The Triumph of Riches

1532-34
Pen and brown ink with washes, chalk and bodycolour, 444 x 1193 mm
Ashmolean Museum, Oxford

This, and its pendant the Triumph of Poverty, originally hung in the Great Hall of the German Steelyard in Blackfriars, London, even after Elizabeth I rescinded the company's privileges during the post-Armada surge of nationalism in 1589. In about December 1609 the works were presented to Henry, Prince of Wales (who died in 1612) and thence entered the Earl of Arundel's collection in Holland via Charles I in 1641. They were destroyed by fire at Kremsier Castle in 1752. Two sets of copies now exist, of which the coloured version by Lucas Vorsterman the Elder in Oxford is considered the most accurate.

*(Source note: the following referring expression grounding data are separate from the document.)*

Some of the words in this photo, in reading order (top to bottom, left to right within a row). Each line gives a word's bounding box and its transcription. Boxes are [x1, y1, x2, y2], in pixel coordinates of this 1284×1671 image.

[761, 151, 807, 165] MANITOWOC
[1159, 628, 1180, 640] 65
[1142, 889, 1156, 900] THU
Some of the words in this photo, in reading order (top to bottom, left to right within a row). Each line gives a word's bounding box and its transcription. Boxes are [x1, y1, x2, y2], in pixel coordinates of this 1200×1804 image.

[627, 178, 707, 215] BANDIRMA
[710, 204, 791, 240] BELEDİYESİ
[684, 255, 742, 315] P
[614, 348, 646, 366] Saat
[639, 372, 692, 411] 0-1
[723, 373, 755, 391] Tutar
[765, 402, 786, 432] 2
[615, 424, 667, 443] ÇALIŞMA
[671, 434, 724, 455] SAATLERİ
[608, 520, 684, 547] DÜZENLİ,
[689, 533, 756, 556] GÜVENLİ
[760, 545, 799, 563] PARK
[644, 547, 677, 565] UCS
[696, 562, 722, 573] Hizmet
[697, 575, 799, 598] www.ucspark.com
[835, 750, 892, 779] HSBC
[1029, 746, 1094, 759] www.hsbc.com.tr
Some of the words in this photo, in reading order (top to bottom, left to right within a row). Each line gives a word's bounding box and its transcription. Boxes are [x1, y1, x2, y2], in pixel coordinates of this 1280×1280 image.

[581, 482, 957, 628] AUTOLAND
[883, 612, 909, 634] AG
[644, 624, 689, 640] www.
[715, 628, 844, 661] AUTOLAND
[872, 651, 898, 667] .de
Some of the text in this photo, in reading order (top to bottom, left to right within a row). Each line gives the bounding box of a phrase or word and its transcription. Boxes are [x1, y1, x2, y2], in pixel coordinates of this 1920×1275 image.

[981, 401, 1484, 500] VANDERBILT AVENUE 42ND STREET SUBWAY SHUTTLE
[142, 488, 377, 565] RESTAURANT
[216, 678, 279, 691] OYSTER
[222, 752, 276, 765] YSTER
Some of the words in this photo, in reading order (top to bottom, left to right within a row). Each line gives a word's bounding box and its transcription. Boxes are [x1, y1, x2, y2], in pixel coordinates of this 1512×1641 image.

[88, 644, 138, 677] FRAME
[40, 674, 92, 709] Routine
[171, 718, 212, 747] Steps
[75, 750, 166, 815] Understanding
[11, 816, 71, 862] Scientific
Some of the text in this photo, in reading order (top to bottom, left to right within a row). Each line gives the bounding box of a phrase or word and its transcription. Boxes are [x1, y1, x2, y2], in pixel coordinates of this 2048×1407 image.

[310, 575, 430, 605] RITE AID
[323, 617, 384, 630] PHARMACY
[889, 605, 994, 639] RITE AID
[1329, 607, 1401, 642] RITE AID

The Triumphs give evidence that Holbein's continental interest in allegorical presentation, which frequently overflowed into his portraiture, was maintained in England despite the paucity of native interest in the increasingly reformist climate. The works functioned as a moral admonition to the denizens of the Steelyard, much as the allegorical designs often displayed in law-courts defined the qualities required of legal administrators.

Ancient Plutus, god of riches, is drawn along by wealthy men before whom blindfolded Fortuna throws money. The horses, as vices (for example, Avarice) are controlled by the virtues needed when wealth comes one's way. The Latin inscription, at one time ascribed to More, translates as `Gold is the father of deceit and the child of grief. He who lacks it is in sorrow; he who possesses it is fearful'. Mantegna can be cited as a visual source, primarily his Triumph of Caesar panels (now at Hampton Court), which Holbein probably knew through engravings.